We fly to Yangon the next morning. In the excited conversations I start up with my fellow travellers, I refer repeatedly to my visit to ‘Burma’, to which they politely remind me it is now ‘Myanmar’. At a crowded traffic junction, a young newspaper boy flashes me illicit news printed in The Nation, a Thai newspaper. The front flap is folded over to hide the headlines inside: Kachin rebels resume fighting at border, threats of civil war. Only 3000 kyats (around USD 468), he says. I get a Hollywood thrill seeing the news, hidden so discreetly and flashed briefly before my eyes.
In a nearby restaurant, the kindly owner starts to discuss the Kachin rebels with me. The people are protesting, she says, because the benefits of the new hydroelectricity dam currently being built will all go to China. The Ayeyarwady (Irrawaddy) River will dry up and the Kachin will get nothing in return. She is surprised I do not know all this already. ‘I think you are journalist and you come to report about this,’ she confides. I deny this, but she hardly believes me: how could I not be a journalist? Obviously I was not a tourist – clearly I had come for some specific purpose.

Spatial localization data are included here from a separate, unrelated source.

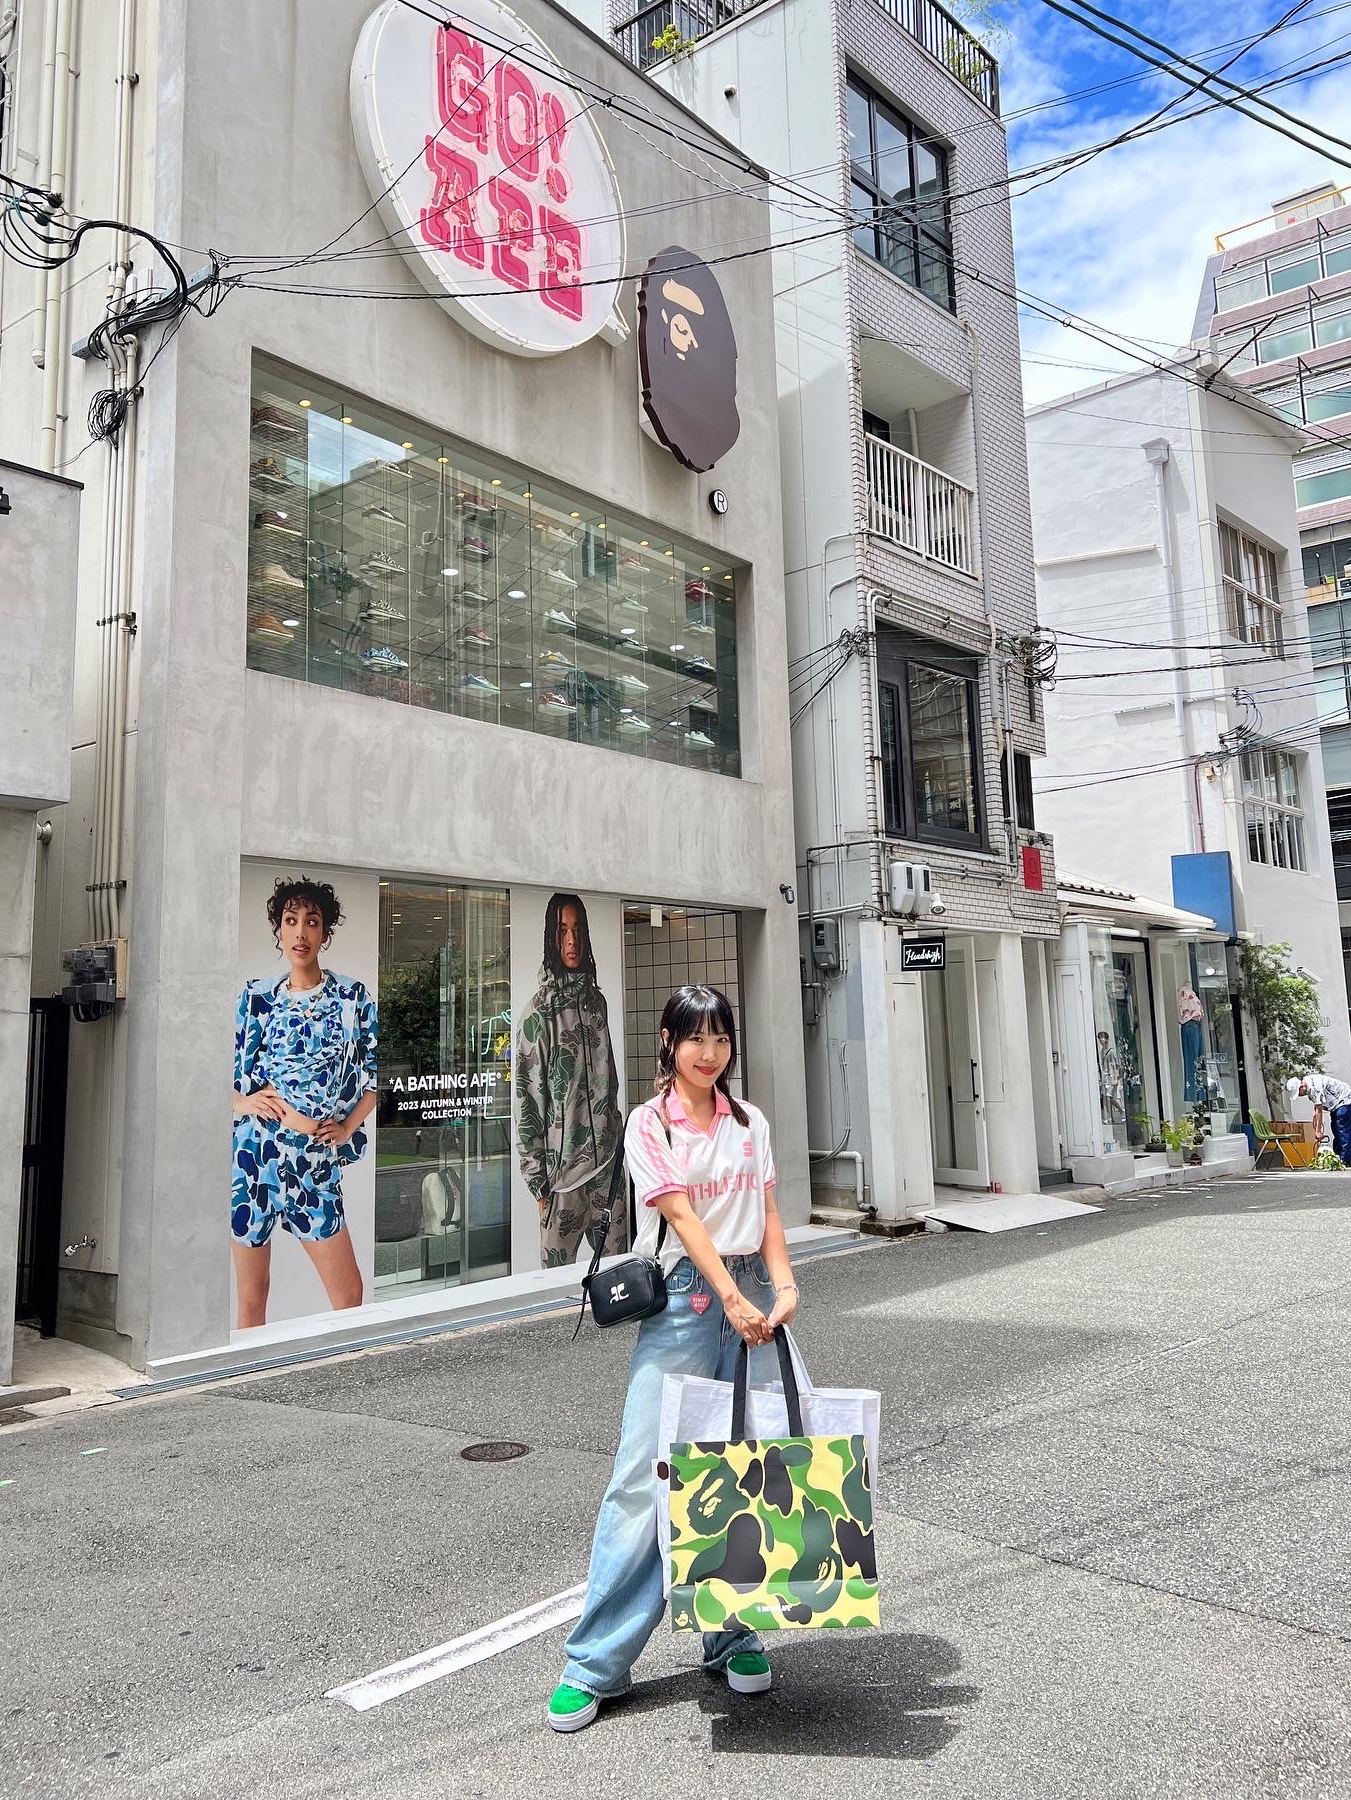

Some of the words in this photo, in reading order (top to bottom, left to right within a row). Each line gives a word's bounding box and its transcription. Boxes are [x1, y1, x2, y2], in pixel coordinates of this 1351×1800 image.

[434, 18, 573, 206] GO!
[407, 1073, 467, 1092] BATHING
[397, 1101, 419, 1111] 2023
[420, 1099, 455, 1109] AUTUMN
[456, 1098, 461, 1106] &
[463, 1096, 493, 1106] WINTER
[421, 1108, 472, 1120] COLLECTION
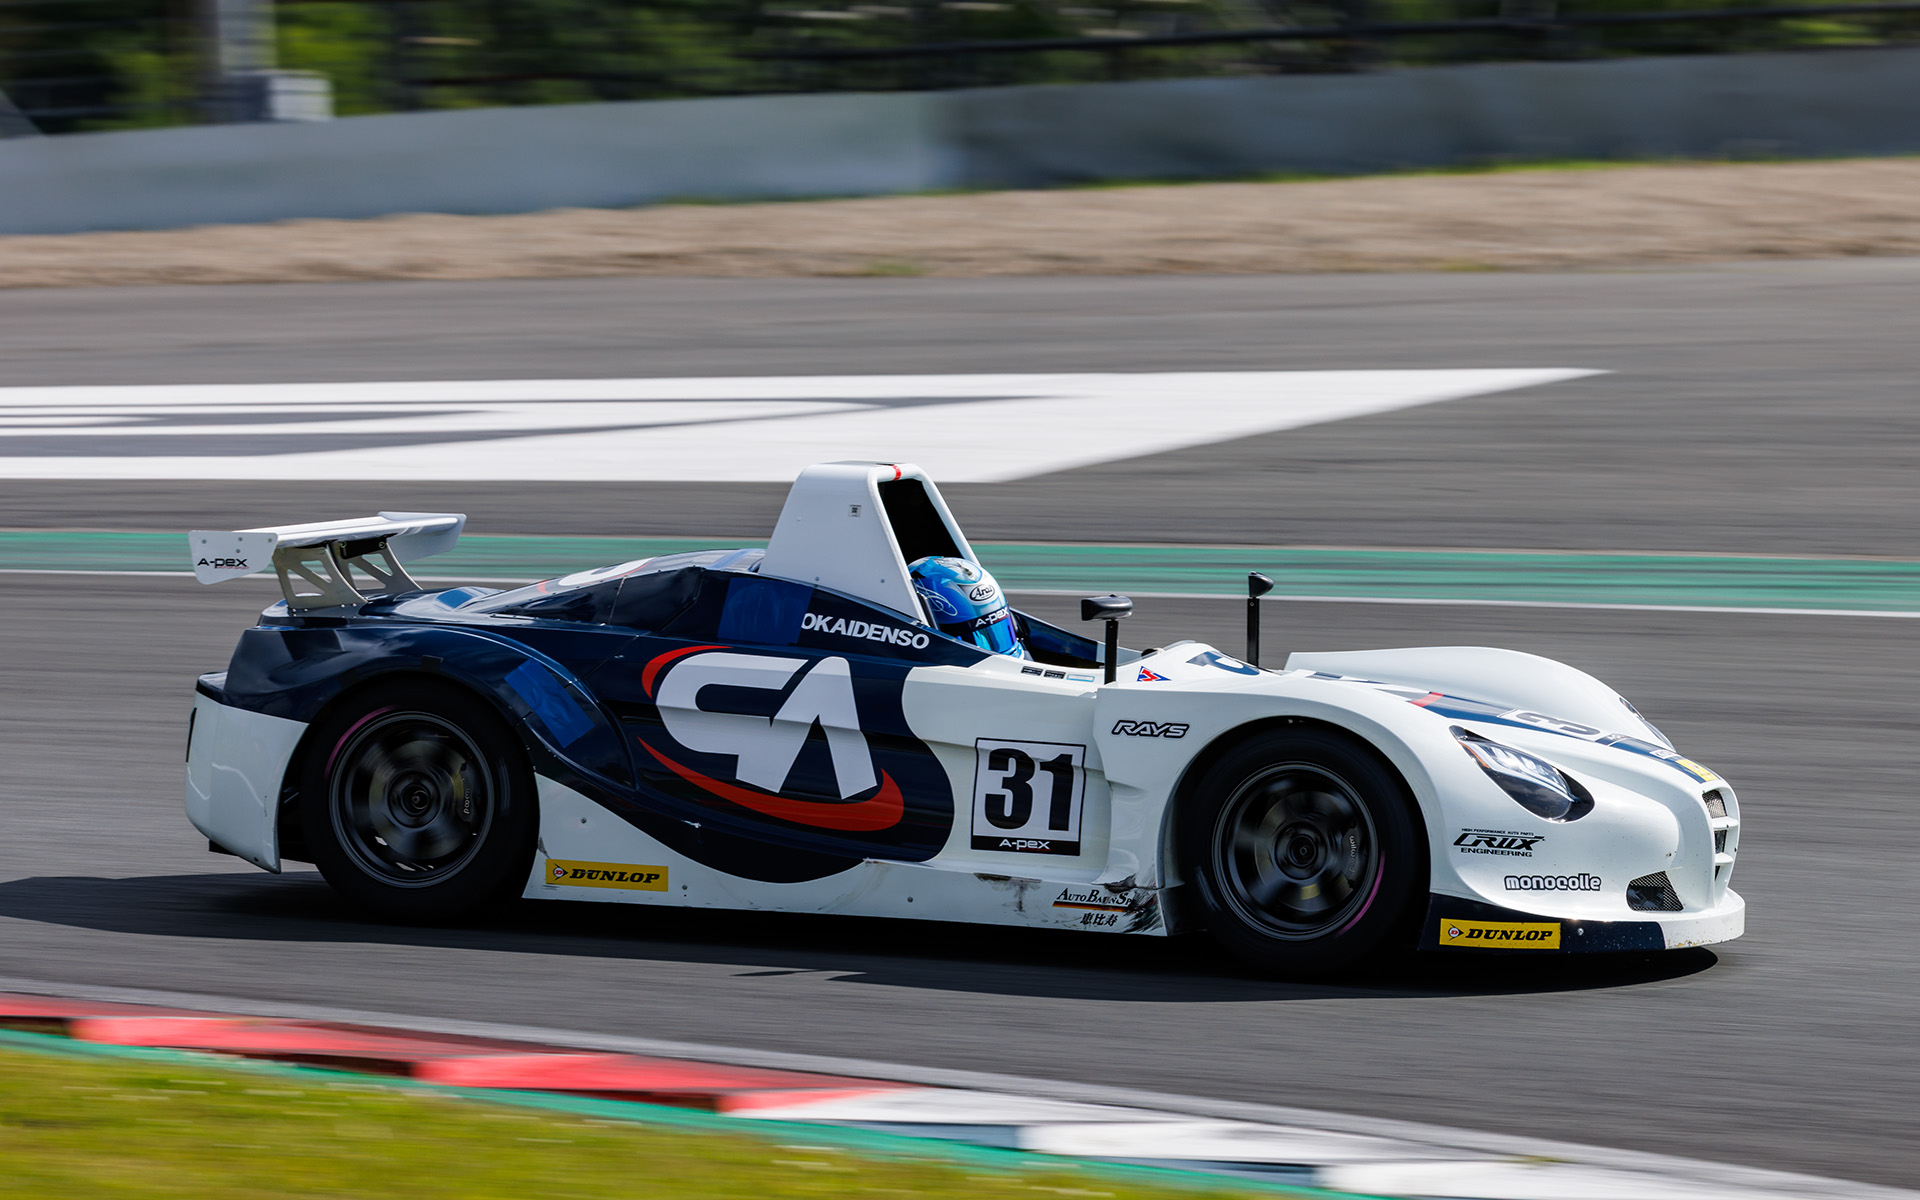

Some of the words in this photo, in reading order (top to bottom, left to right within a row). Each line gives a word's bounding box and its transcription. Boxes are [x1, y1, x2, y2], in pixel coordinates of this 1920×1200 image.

[197, 558, 248, 569] A-pex
[975, 606, 1010, 628] A-pex
[1111, 720, 1190, 738] RAYS
[985, 748, 1074, 831] 31
[999, 839, 1051, 850] A-pex
[1460, 848, 1532, 858] ENGINEERING
[569, 869, 661, 884] DUNLOP
[1504, 873, 1602, 891] monocolle
[1465, 928, 1553, 941] DUNLOP
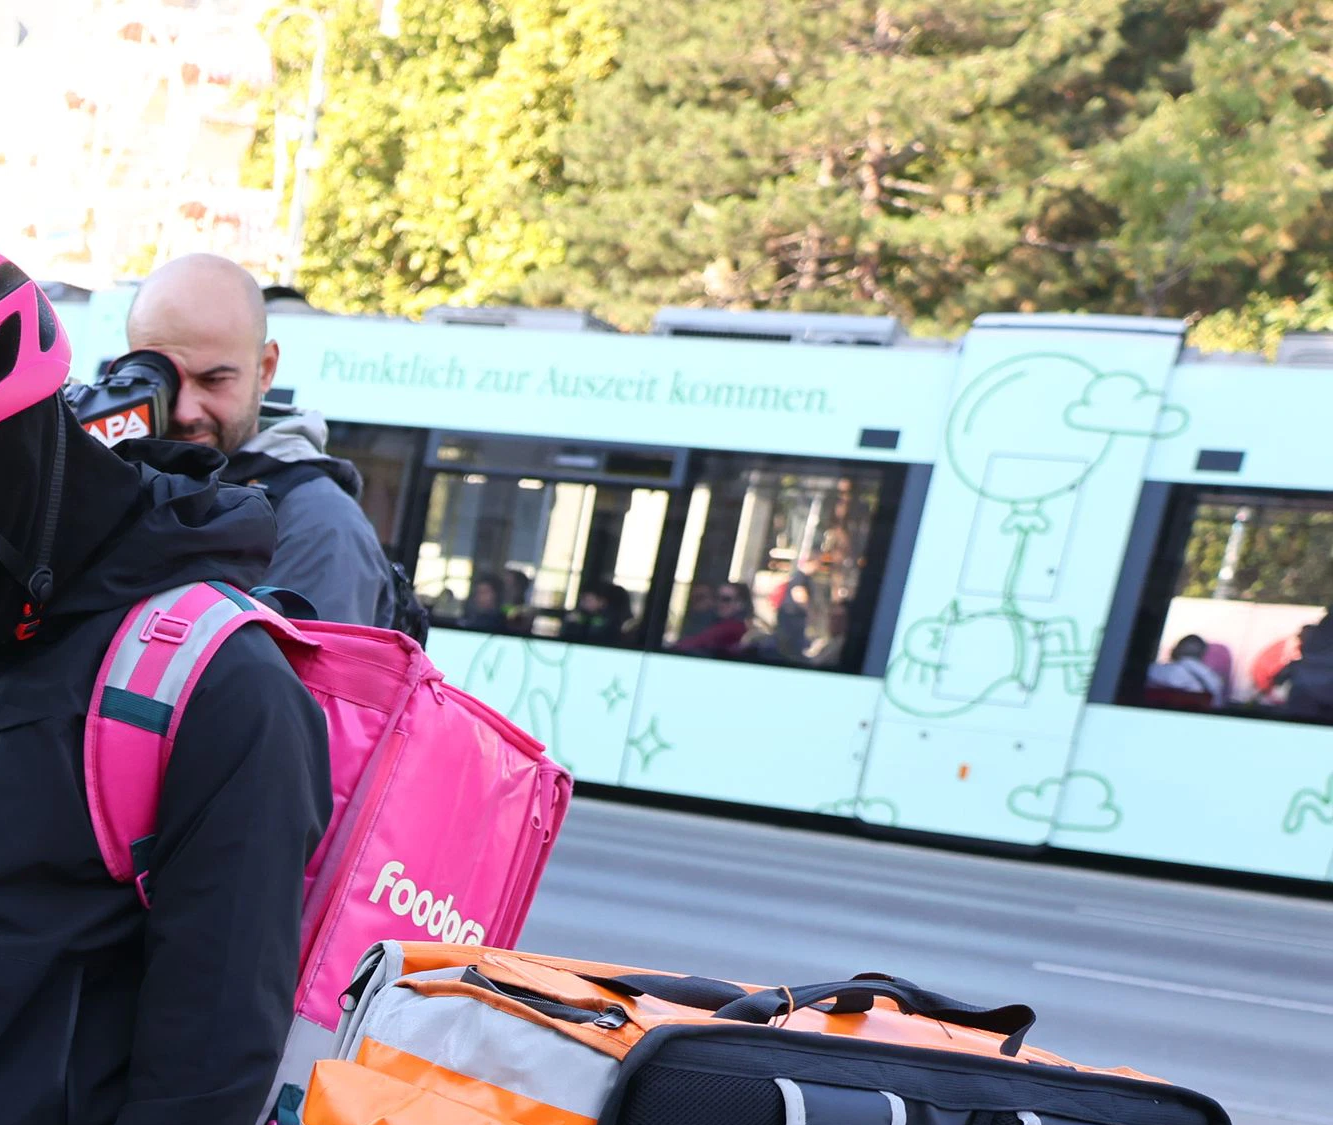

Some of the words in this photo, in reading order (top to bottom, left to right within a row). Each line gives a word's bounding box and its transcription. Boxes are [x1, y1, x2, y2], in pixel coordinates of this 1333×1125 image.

Four months earlier, in February, I had ridden a pickup truck to Lashio, in the northern Shan state. A government official had looked at me and asked, ‘Are you a writer?’ Do I have I am a writer written on my forehead, I had wondered at the time. In hindsight, this was disingenuous: which tourist in her right mind would be riding a pickup truck to Lashio, sitting squashed alongside thirty labourers in the back with a giant pile of goods, and only a plastic mat as cushioning? I had admitted I was a writer, of sorts, but I need not have worried – the official went on to tell me that Myanmar was now introducing democratic norms and would soon become like other democracies. He also told me that he never took the state-owned Myanma Airlines, and that he felt that his country would slowly but surely adopt the political freedom of other countries. He admired writers, and wanted to learn to write in English.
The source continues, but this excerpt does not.